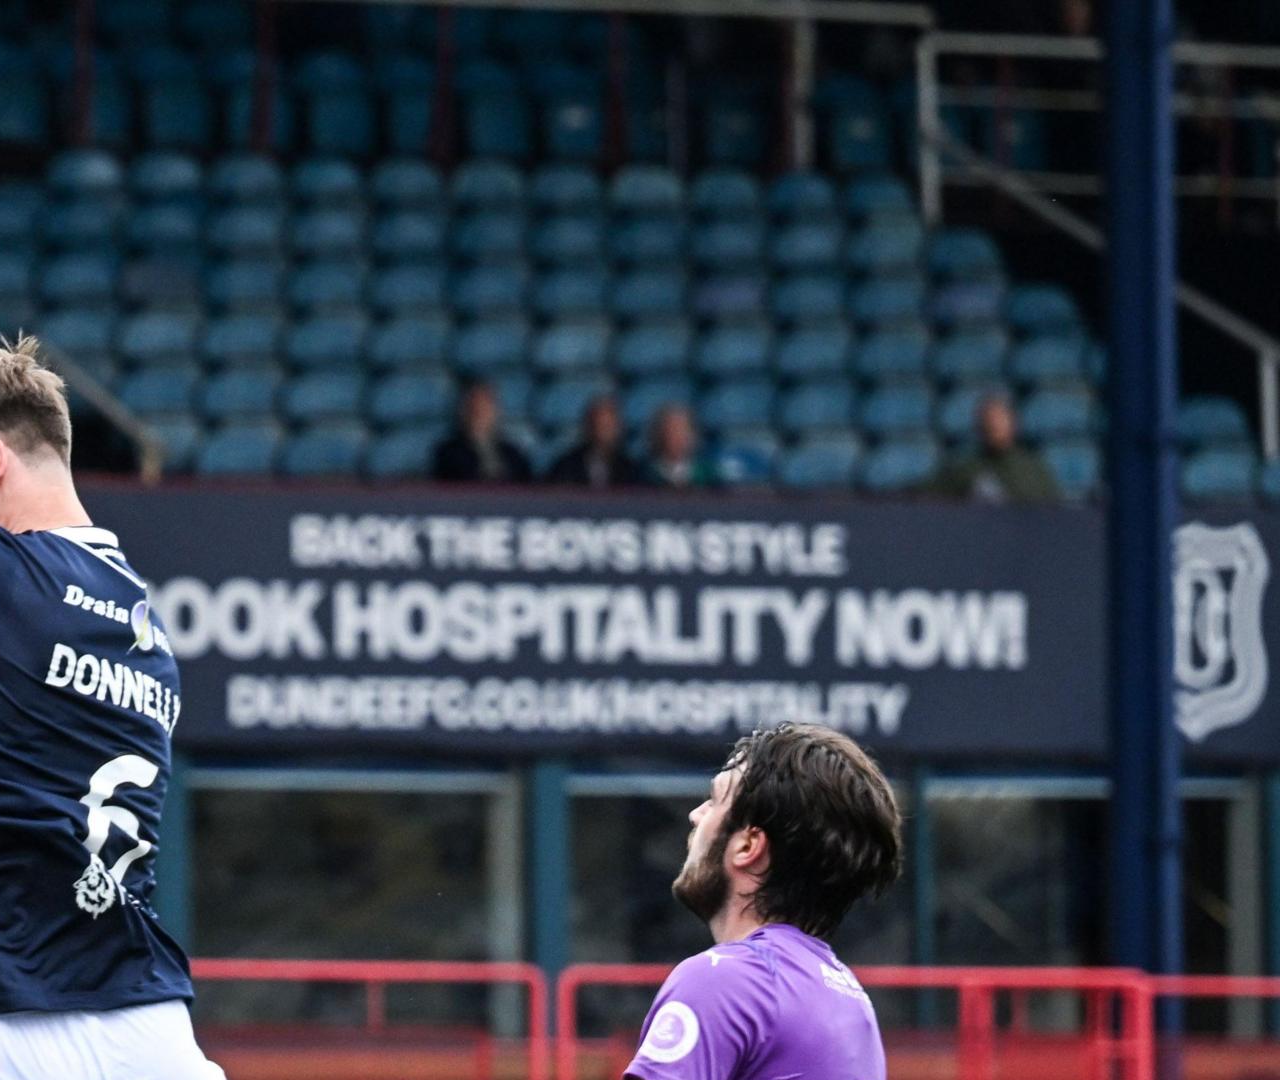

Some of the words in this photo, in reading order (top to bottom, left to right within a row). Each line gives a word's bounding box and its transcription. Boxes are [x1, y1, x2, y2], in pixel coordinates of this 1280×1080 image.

[290, 513, 424, 567] BACK
[425, 514, 513, 568] THE
[517, 519, 645, 571] BOYS
[696, 522, 848, 576] STYLE
[63, 584, 130, 624] Drain
[145, 576, 326, 660] OOK
[332, 581, 830, 668] HOSPITALITY
[836, 589, 1029, 670] NOW!
[79, 754, 159, 884] 6
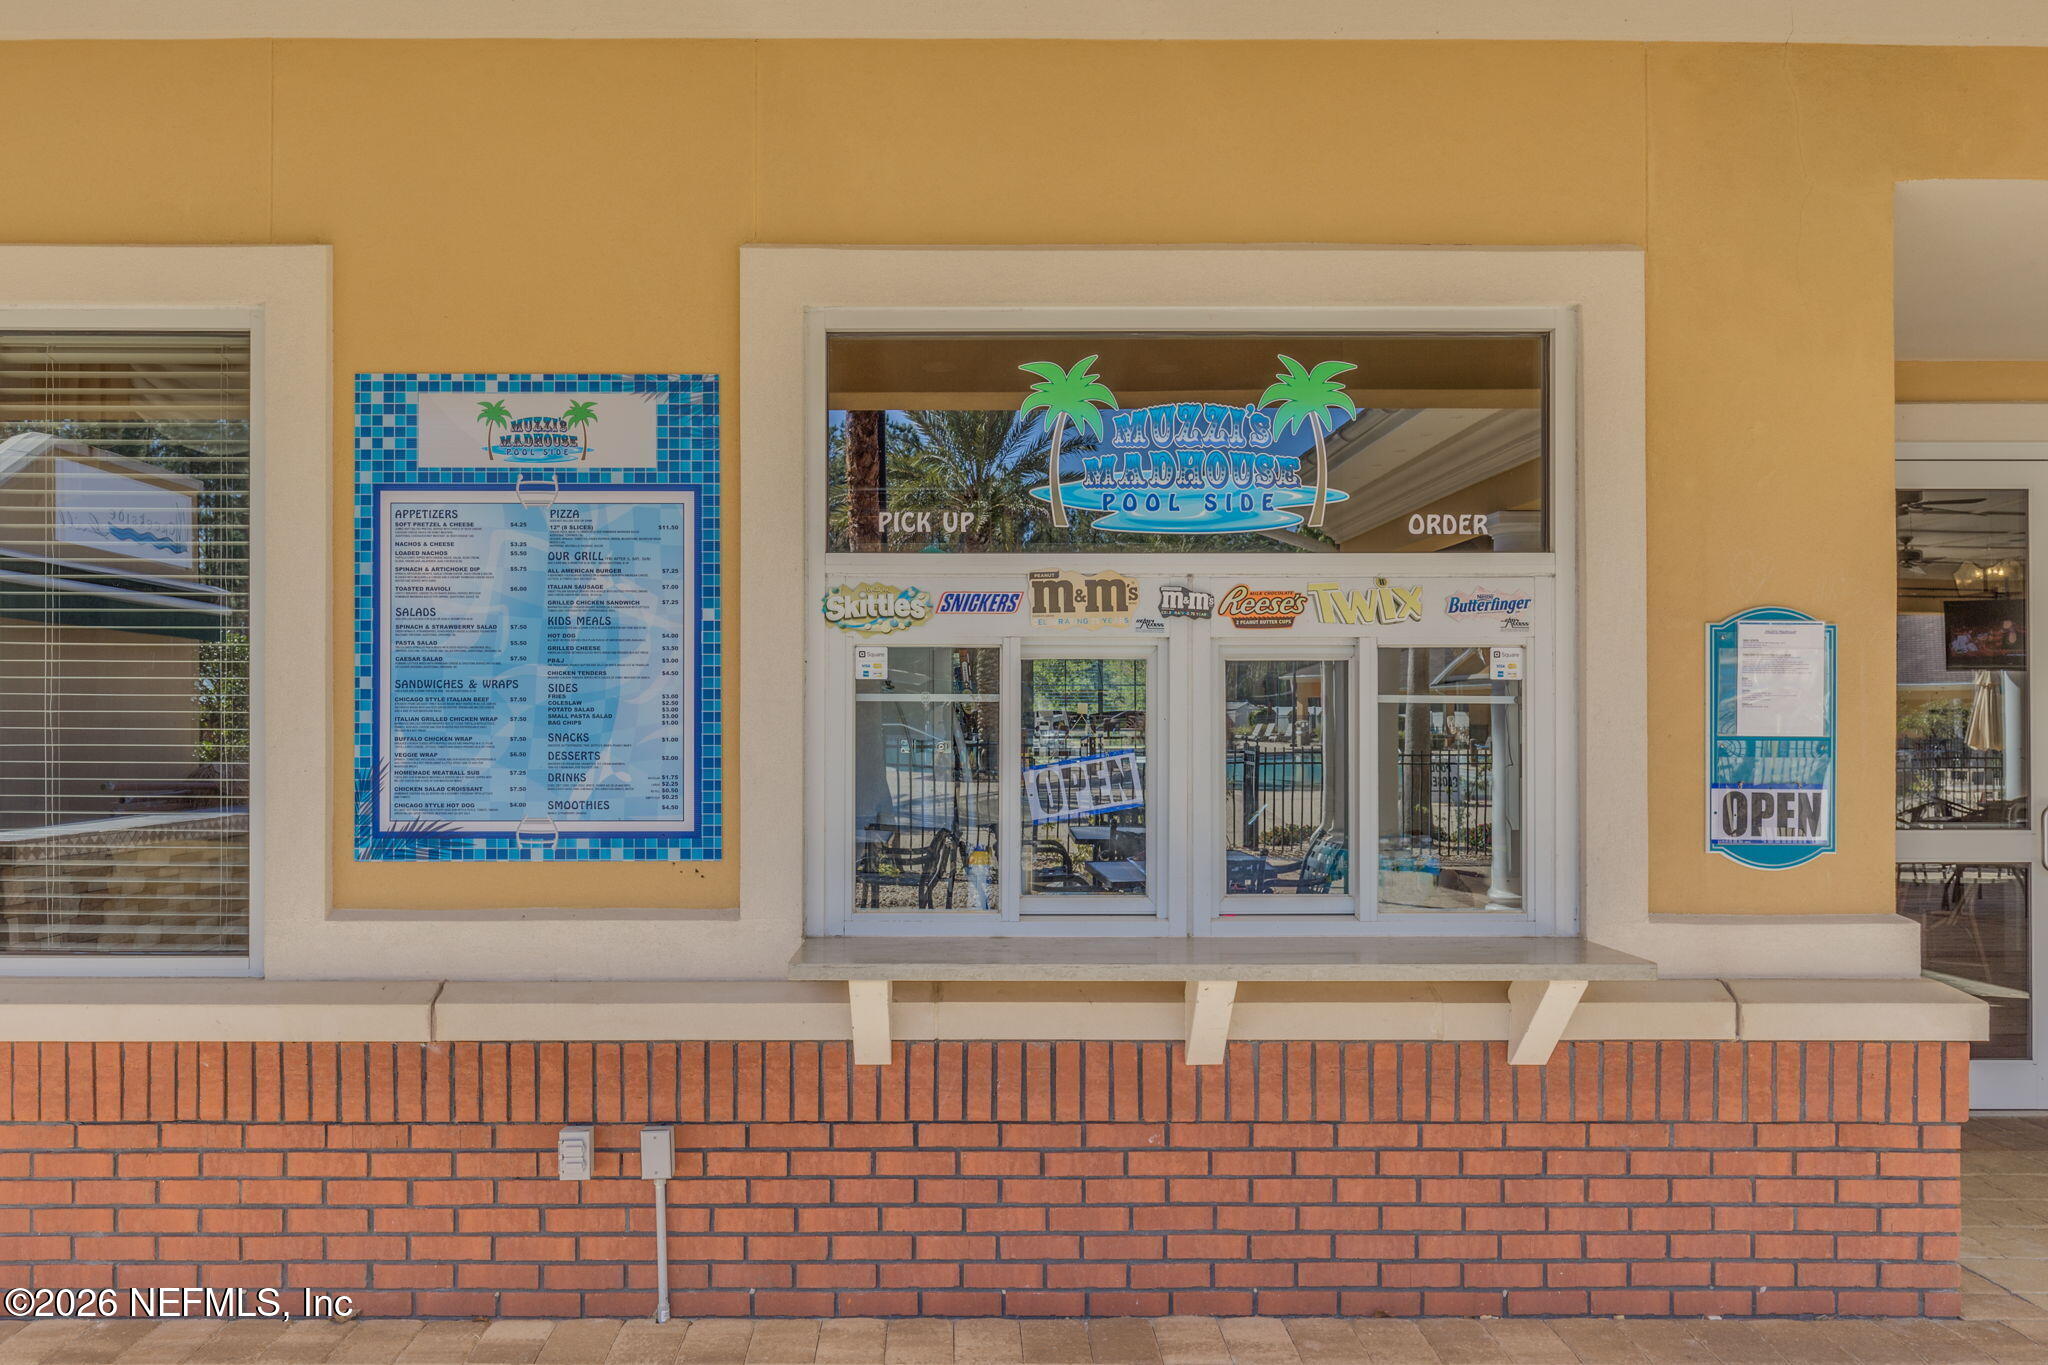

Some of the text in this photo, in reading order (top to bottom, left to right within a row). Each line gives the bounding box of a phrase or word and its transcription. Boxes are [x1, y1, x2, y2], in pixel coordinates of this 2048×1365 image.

[500, 434, 578, 447] MADHOUSE
[1083, 450, 1302, 489] MADHOUSE
[1102, 493, 1275, 512] POOL SIDE
[395, 510, 458, 518] APPETIZERS
[550, 510, 580, 518] PIZZA
[879, 512, 974, 532] PICK UP
[1408, 514, 1488, 534] ORDER
[548, 552, 603, 560] OUR GRILL
[940, 594, 1020, 612] SNICKERS
[1218, 585, 1308, 615] Reese's
[1448, 597, 1531, 614] Butterfinger
[395, 608, 436, 616] SALADS
[825, 592, 926, 622] Skittles
[547, 617, 611, 625] KIDS MEALS
[395, 680, 518, 688] SANDWICHES & WRAPS
[548, 684, 578, 692] SIDES
[548, 733, 589, 742] SNACKS
[548, 751, 601, 760] DESSERTS
[548, 773, 587, 782] DRINKS
[1036, 757, 1134, 814] OPEN
[547, 801, 610, 810] SMOOTHIES
[1723, 791, 1821, 837] OPEN
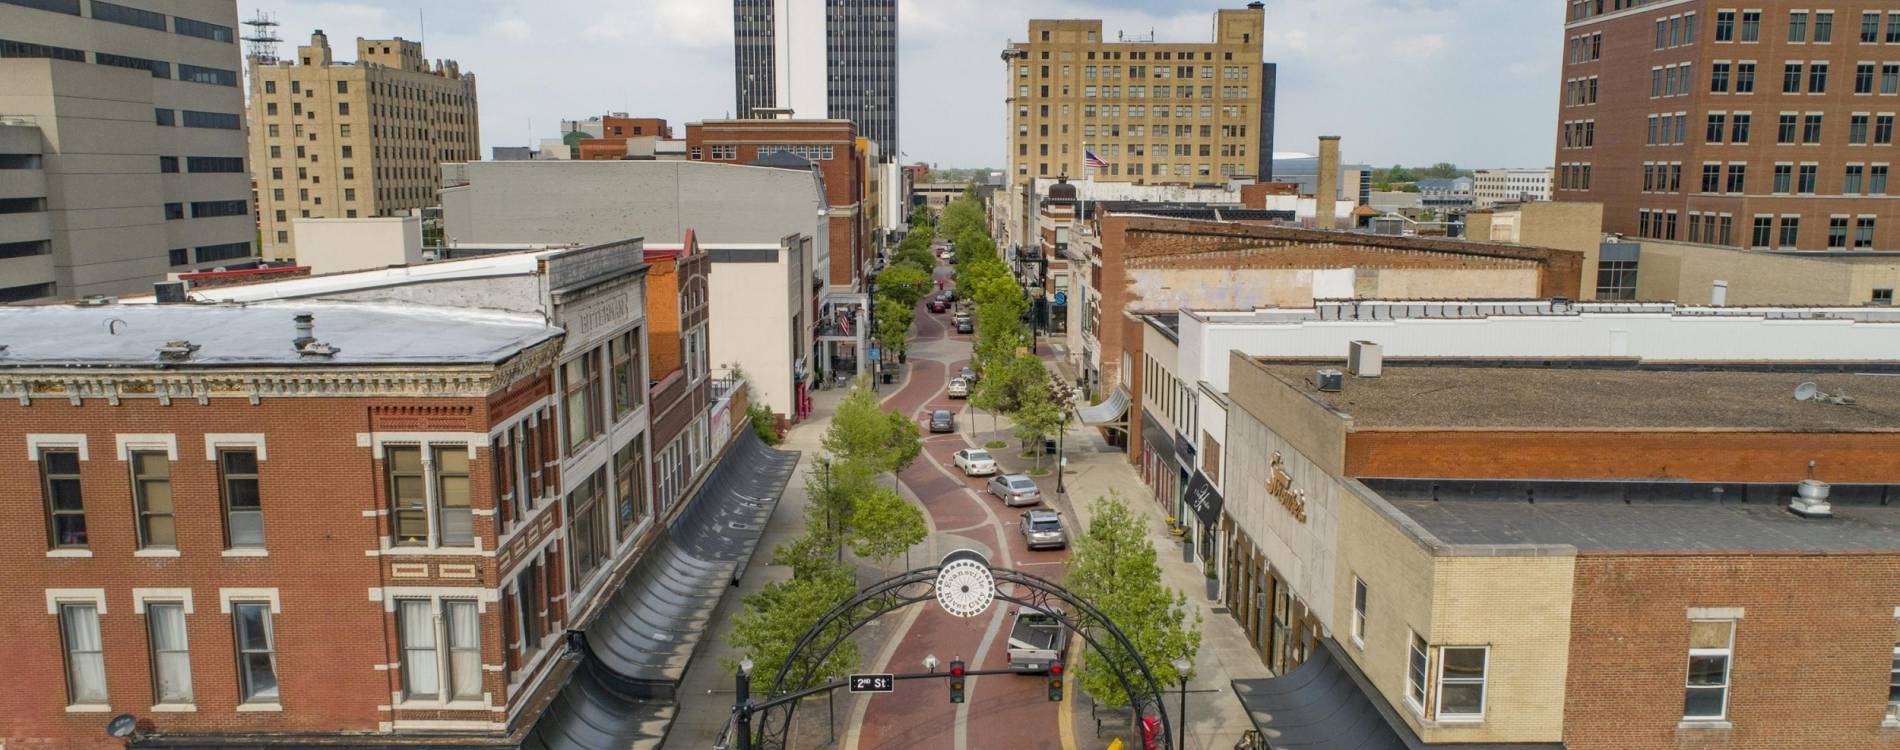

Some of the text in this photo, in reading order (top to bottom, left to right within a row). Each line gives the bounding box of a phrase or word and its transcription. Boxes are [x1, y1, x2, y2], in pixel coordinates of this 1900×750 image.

_WHAT YOU ARE ASKED TO DO_.
Return the full listing exactly as written, without any of its images.

_WRITTEN RESPONSE_.
Some of the words in this photo, in reading order (top to bottom, left to right within a row). Each line gives a word's bounding box and its transcription. Boxes are [x1, y1, x2, y2], in pixel coordinates of this 1280×1080 image.

[290, 513, 424, 567] BACK
[425, 514, 513, 568] THE
[517, 519, 645, 571] BOYS
[696, 522, 848, 576] STYLE
[63, 584, 130, 624] Drain
[145, 576, 326, 660] OOK
[332, 581, 830, 668] HOSPITALITY
[836, 589, 1029, 670] NOW!
[79, 754, 159, 884] 6

Some of the text in this photo, in reading order (top to bottom, left to right within a row). Each line gives the bounding box of a phrase or word and its transcription. Boxes are [x1, y1, x2, y2], in pixel coordinates of this 2048×1365 image.

[500, 434, 578, 447] MADHOUSE
[1083, 450, 1302, 489] MADHOUSE
[1102, 493, 1275, 512] POOL SIDE
[395, 510, 458, 518] APPETIZERS
[550, 510, 580, 518] PIZZA
[879, 512, 974, 532] PICK UP
[1408, 514, 1488, 534] ORDER
[548, 552, 603, 560] OUR GRILL
[940, 594, 1020, 612] SNICKERS
[1218, 585, 1308, 615] Reese's
[1448, 597, 1531, 614] Butterfinger
[395, 608, 436, 616] SALADS
[825, 592, 926, 622] Skittles
[547, 617, 611, 625] KIDS MEALS
[395, 680, 518, 688] SANDWICHES & WRAPS
[548, 684, 578, 692] SIDES
[548, 733, 589, 742] SNACKS
[548, 751, 601, 760] DESSERTS
[548, 773, 587, 782] DRINKS
[1036, 757, 1134, 814] OPEN
[547, 801, 610, 810] SMOOTHIES
[1723, 791, 1821, 837] OPEN

Some of the text in this photo, in reading order (top to bottom, left to right within a row). Each line gives the bounding box of a phrase or word and its transcription. Boxes are [x1, y1, x2, y2], in pixel coordinates of this 1900×750 image.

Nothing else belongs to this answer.